TORONTO, Dec 4 (Reuters) - Toronto-Dominion Bank TD.TO should see profit growth in 2009, thanks to a full year’s contribution from its Commerce Bank network in the United States, as well as momentum in its Canadian retail operations, the bank’s chief executive said on Thursday.
“It is realistic to expect that we will see a reasonable increase in absolute earnings in 2009, and an increase in earnings per share,” President and CEO Ed Clark told a conference call.
However, the bank is not providing a specific outlook on earnings growth, citing a lack of visibility
“Obviously we’re in a very uncertain economic environment,” Clark said.
He also said that TD would open fewer branches in Canada in 2009 than it did in 2008, and would add fewer wealth-management advisers as well.

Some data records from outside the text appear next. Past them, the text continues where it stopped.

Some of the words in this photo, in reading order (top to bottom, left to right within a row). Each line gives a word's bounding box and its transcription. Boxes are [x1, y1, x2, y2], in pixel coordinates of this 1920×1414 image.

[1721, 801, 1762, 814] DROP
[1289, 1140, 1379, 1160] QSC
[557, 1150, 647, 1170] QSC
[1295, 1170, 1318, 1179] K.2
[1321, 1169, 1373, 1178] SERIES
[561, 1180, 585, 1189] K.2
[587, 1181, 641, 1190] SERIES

It plans about 20 new Canadian bank branches and 80 “client facing advisers” in wealth management next year, down from 30 new branches and 130 advisers in 2008.
In the United States, TD plans to keep its branch openings “steady,” adding about 30 next year, Clark said.

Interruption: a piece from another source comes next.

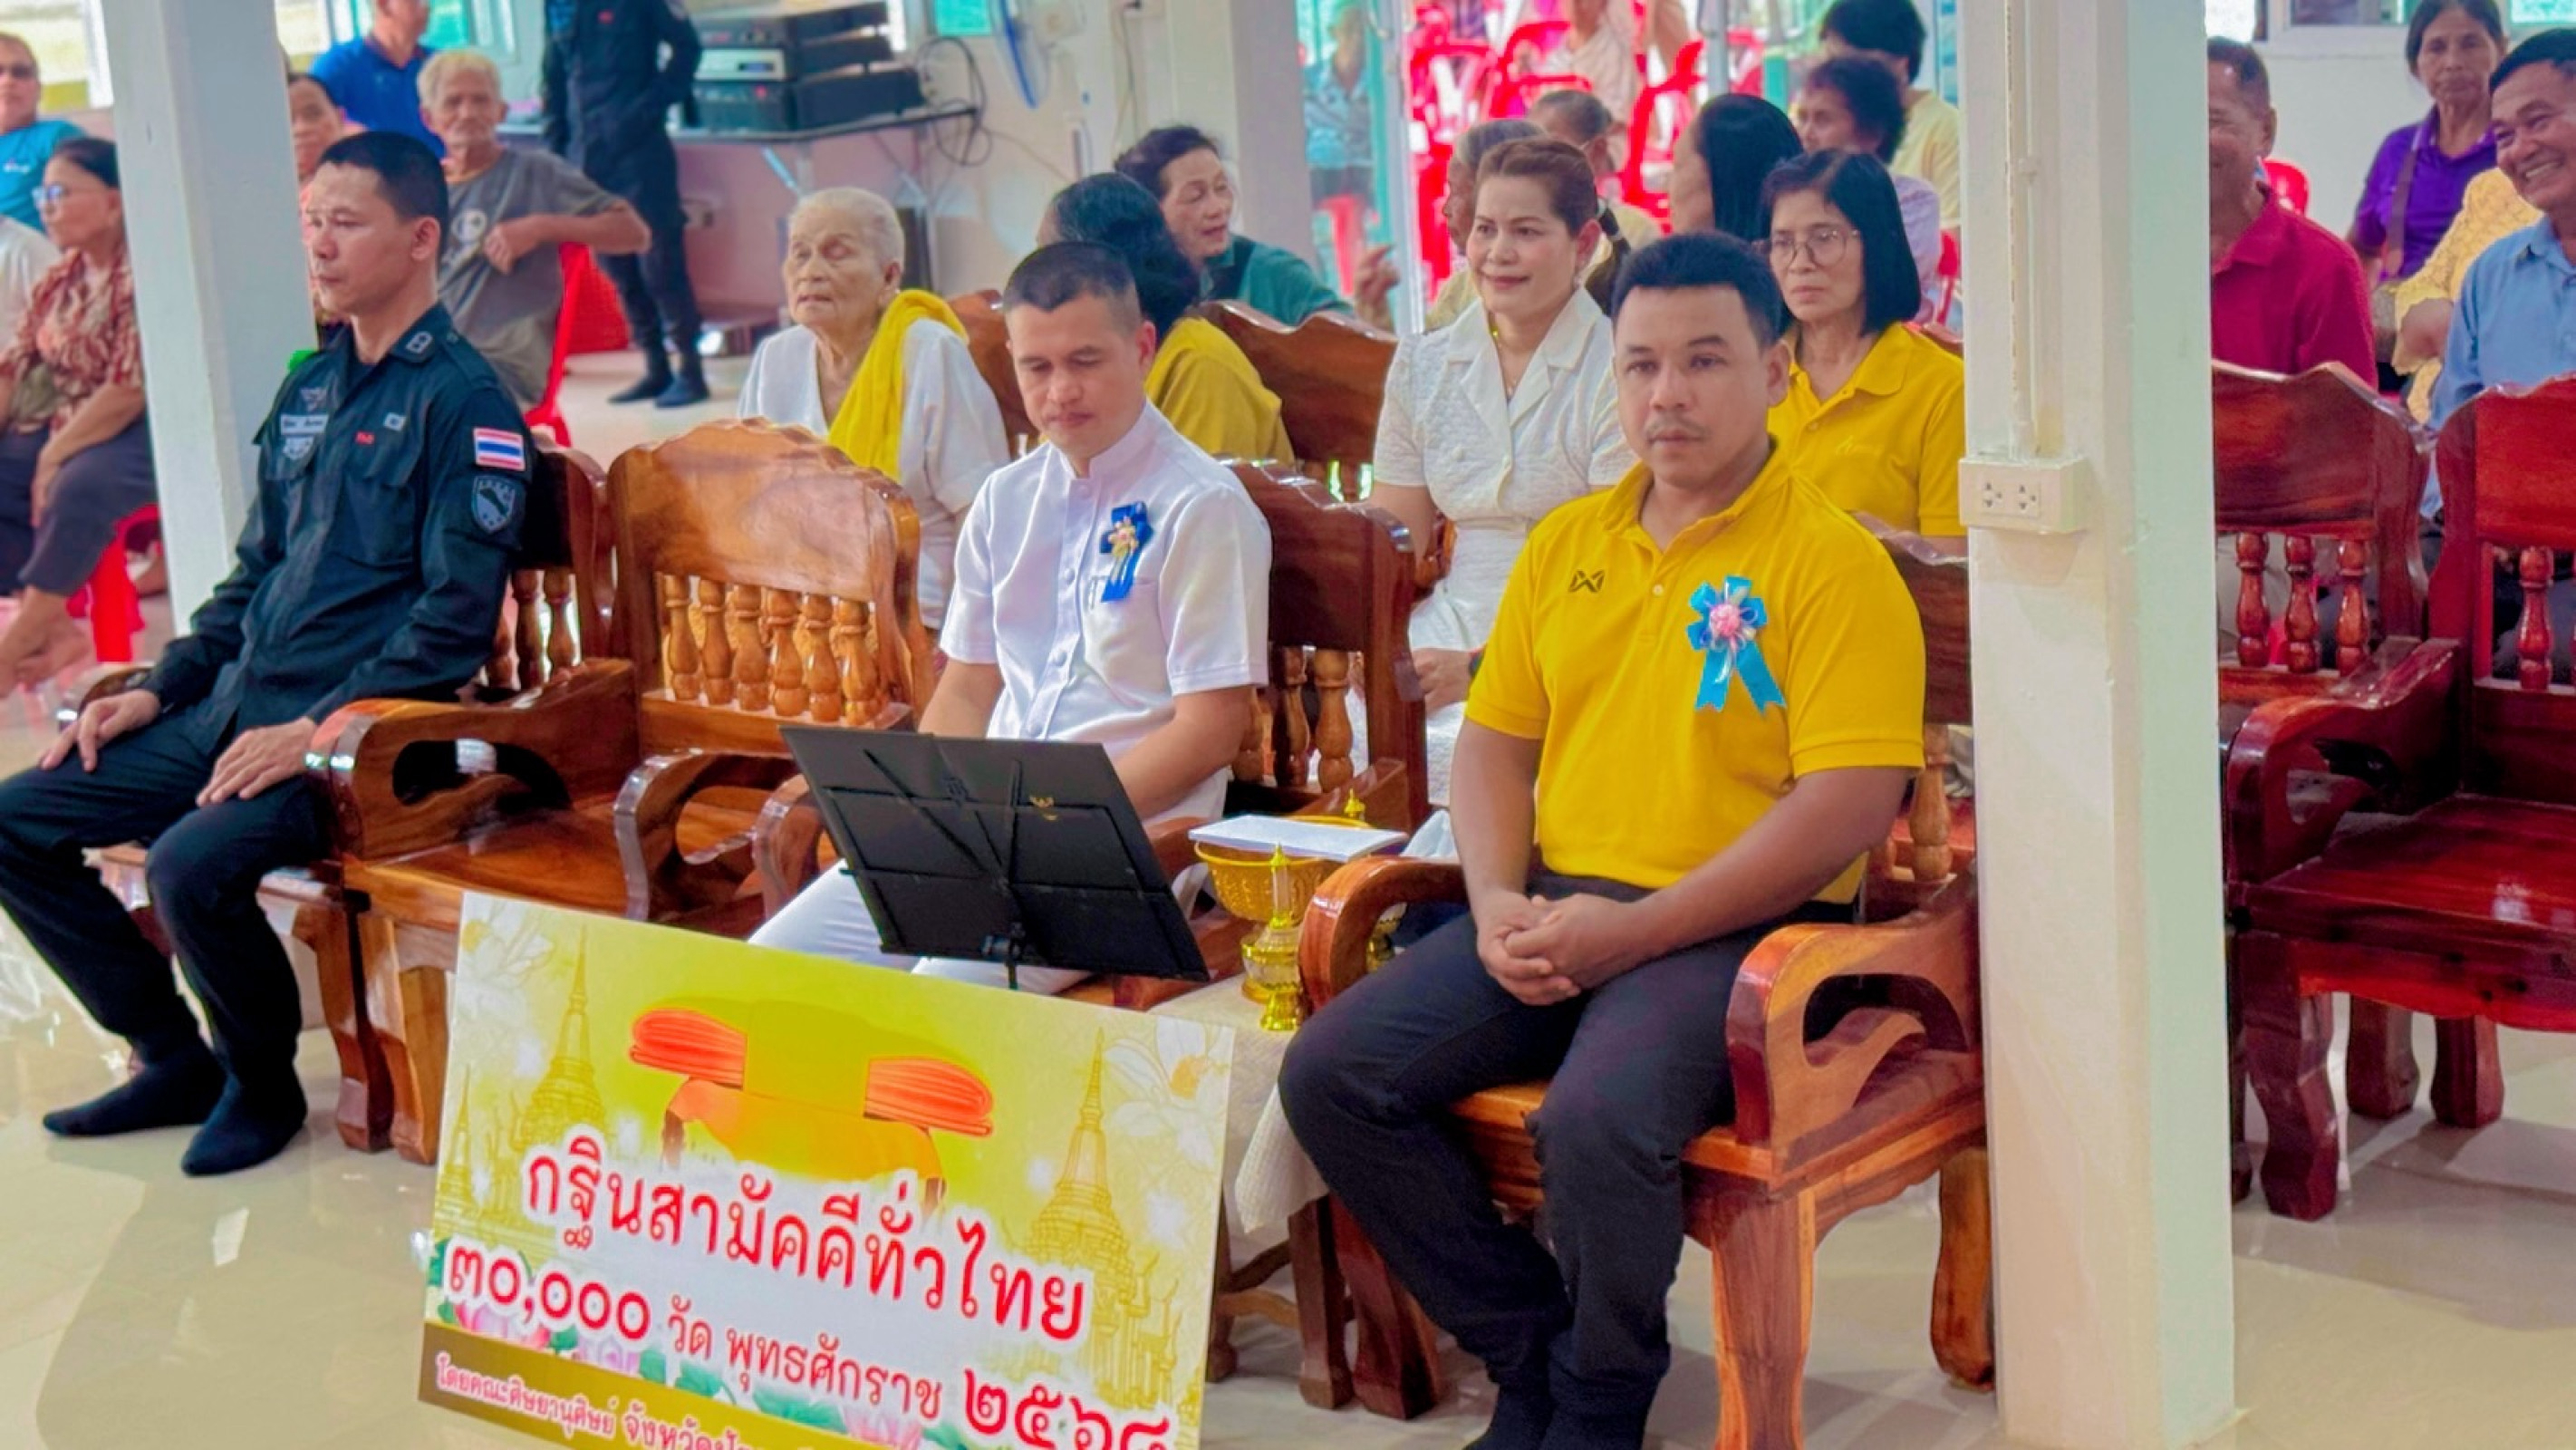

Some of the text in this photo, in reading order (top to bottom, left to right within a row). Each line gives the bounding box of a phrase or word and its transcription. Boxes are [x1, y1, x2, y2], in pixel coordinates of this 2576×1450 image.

TD bought Cherry Hill, New Jersey-based Commerce Bancorp Inc in March and said in October it would rebrand about 575 Commerce Bank and TD Banknorth branches along the U.S. east coast as TD Bank.
Earlier on Thursday, TD said its fourth-quarter profit fell 7 percent because of previously announced writedowns for credit trading losses in its TD Securities unit.
Canada’s second-largest bank said its net income was C$1.01 billion, or C$1.22 a share, in the three months ended Oct. 31. That includes various unusual items, including a litigation reserve gain of C$323 million related to Enron.
A year earlier, net income was C$1.09 billion, or C$1.50 a share.
Adjusted to exclude unusual items, profit in the latest quarter was C$665 million, or 79 Canadian cents a share, down from C$1.02 billion, or C$1.40 a share, a year earlier.